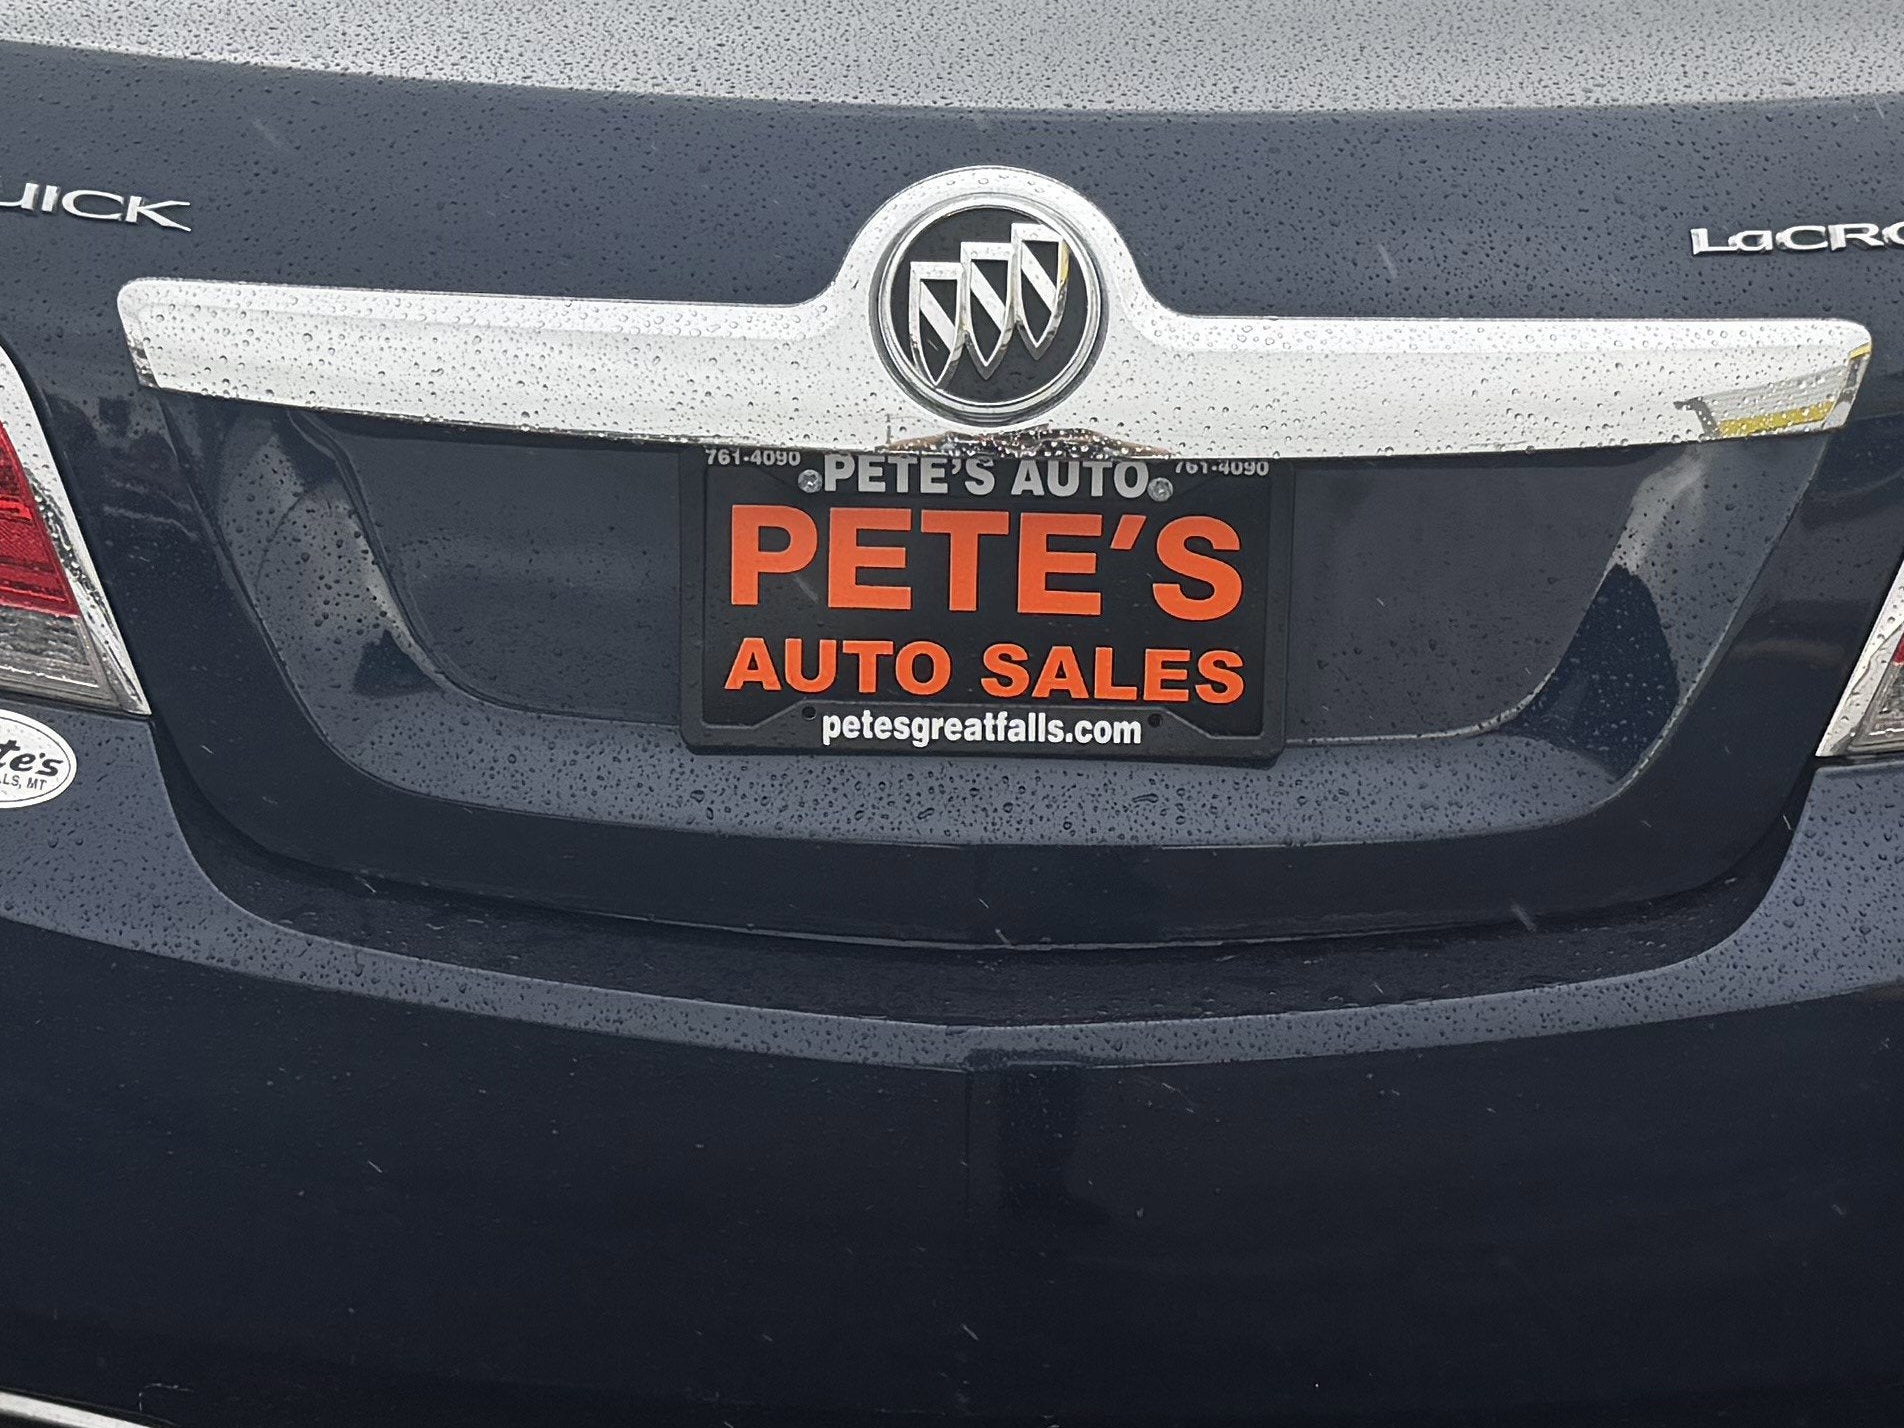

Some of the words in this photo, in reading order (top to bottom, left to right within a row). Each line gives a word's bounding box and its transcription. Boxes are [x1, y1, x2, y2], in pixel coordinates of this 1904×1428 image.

[824, 452, 996, 496] PETE'S
[1010, 459, 1150, 498] AUTO
[731, 504, 1244, 621] PETE'S
[725, 638, 953, 696] AUTO
[981, 644, 1245, 704] SALES
[822, 709, 1142, 748] petesgreatfalls.com
[27, 776, 48, 791] MT

__What the task asks__:
The answer should be the full material above, printed exactly, with no pictures in it.

__Exercise solution__:
Some of the words in this photo, in reading order (top to bottom, left to right within a row). Each line gives a word's bounding box and its transcription. Boxes are [x1, y1, x2, y2], in pixel coordinates of this 1904×1428 image.

[824, 452, 996, 496] PETE'S
[1010, 459, 1150, 498] AUTO
[731, 504, 1244, 621] PETE'S
[725, 638, 953, 696] AUTO
[981, 644, 1245, 704] SALES
[822, 709, 1142, 748] petesgreatfalls.com
[27, 776, 48, 791] MT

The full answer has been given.